One of the most notable transformations in my understanding of these notions has happened within the practice’s operative scale. I have started to work from the phenomenological perception of the immediate spatial surroundings and environmental materials, and during the research project the scale has extended towards interplanetary and galactic imaginaries and to the relation between art and universe. I have explored the area, which Susan Rubidge describes as ‘“choreographic” spaces (whether or not created by a choreographer) are constituted as transient spatiotemporal networks of forces, vectors and tensions that are processual rather than stable and, crucially, experiential.’ (Rubidge 2011, p. 2) During the research process, I have extended my practice from the everyday locations, such as a hillock filled with rocks, ice covered lake, bridge, brushwood, or an entrance hall of the Theatre Academy, towards the movements that constitute planetary and galactic situations and locations where my body takes place, such as seasons, atmospheric phenomena, and nebulas. These scales have been sedimented in the practice, starting, for example, from the question of which movements constitute the immediate material surrounding and connecting that with the question of how to couple with the planetary velocity that is present in that immediacy. Thus, the artistic works explore the understanding of place and space from the phenomenological and discursive (Kwon 2002, pp. 11-33) point of view and also from speculative, science-fictional, and imaginary interplanetary and galactic viewpoints. In terms of site-specificity, the questions of operative place and space have expanded from immediate ground under my feet towards how to understand and experiment with outer space as site.

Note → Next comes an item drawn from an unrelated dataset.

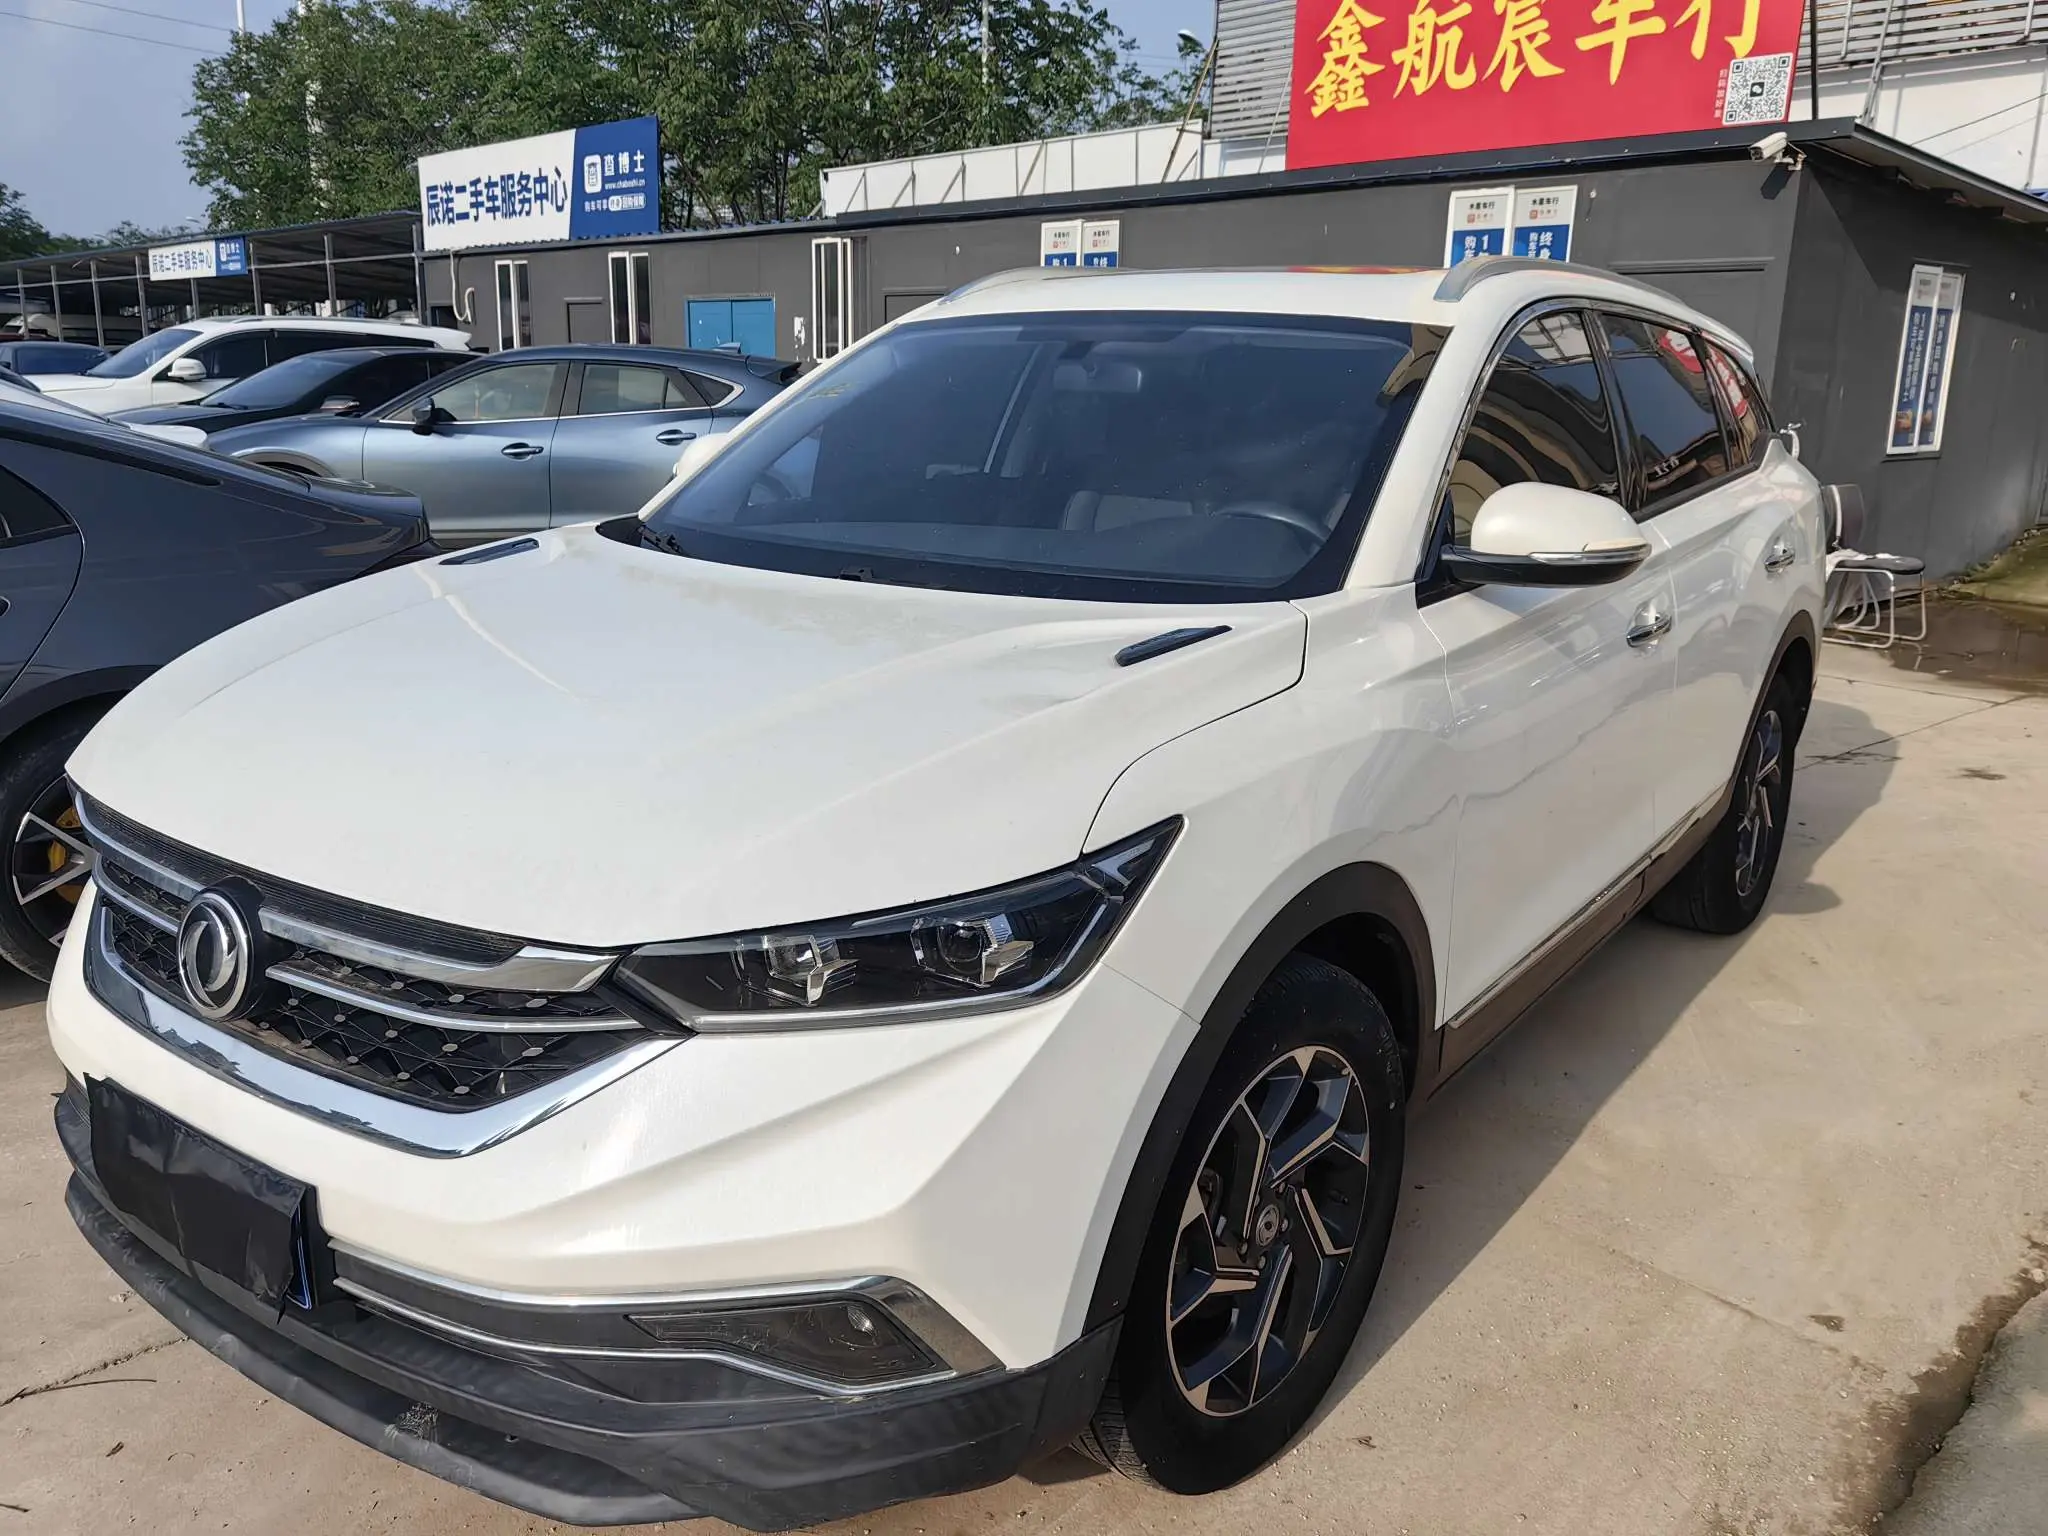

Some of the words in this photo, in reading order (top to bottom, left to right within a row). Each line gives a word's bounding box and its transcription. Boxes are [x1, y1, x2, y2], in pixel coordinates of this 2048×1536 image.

[603, 149, 645, 176] 查博士
[426, 166, 568, 227] 辰诺二手车服务中心

My understanding of these notions is based on experiential movement, which constitutes these notions. The experience of the lived space is located in place, and there can be many spaces in one place, and vice versa of course. In my practice I understand space as an infinite concept, even as particular lived-in conditions and/or socially and culturally produced ones. In my approach, the materiality of space is transforming; my body is one material change in the continuum of space, and so is a wall, a table, a chair, a tree, a dog, and so on. Space continues, but its materiality changes in the dense network of organic and inorganic matter, invisible effects, and forces. In my practice, the air operates as a medium for various material relations, and the air is one material change in space, located on planet Earth. It mediates various qualities between my perception, body, and the surrounding. The complex relation between place and space is thus understood in my research in a way in that places are active entities in relation to space. In one way, the relations between places form the space. I understand space as a dynamic, immersive substance in which places take forms and dissolve and reform depending on the actions of my body, for example. The relation between place, space, and my body is formed in and with movement, and that is why choreographic thinking and practice is a way for me to explore these relations. This exploration continues, and my doctoral project is anything but exhaustive when it comes to the artistic potential of these relations.

 


More spatial fragments and perspectives


Australian philosopher Jeff Malpas writes:


What gives the impression of being able to move from the grasp of subjective space or from some particular instance of subjective space to the idea of space as objective is that our own grasp of the concept of subjective space is already intertwined with a grasp of objective space. It is precisely because we can grasp the larger space within which a particular agent (on whom a particular subjective space is centred) is located that we can engage in any detachment from our own subjective space at all. There is no necessary connection between different subjective spaces as such, however, that could enable us to move from the grasp of one such space to another. What enables our detachment from particular subjective spaces, then, is just the idea of objective space as that which is independent of any particular experience, and yet which provides a framework within which particular agents can be located and within which the particularities of experience can be explained.’ (Malpas 1999, p. 62)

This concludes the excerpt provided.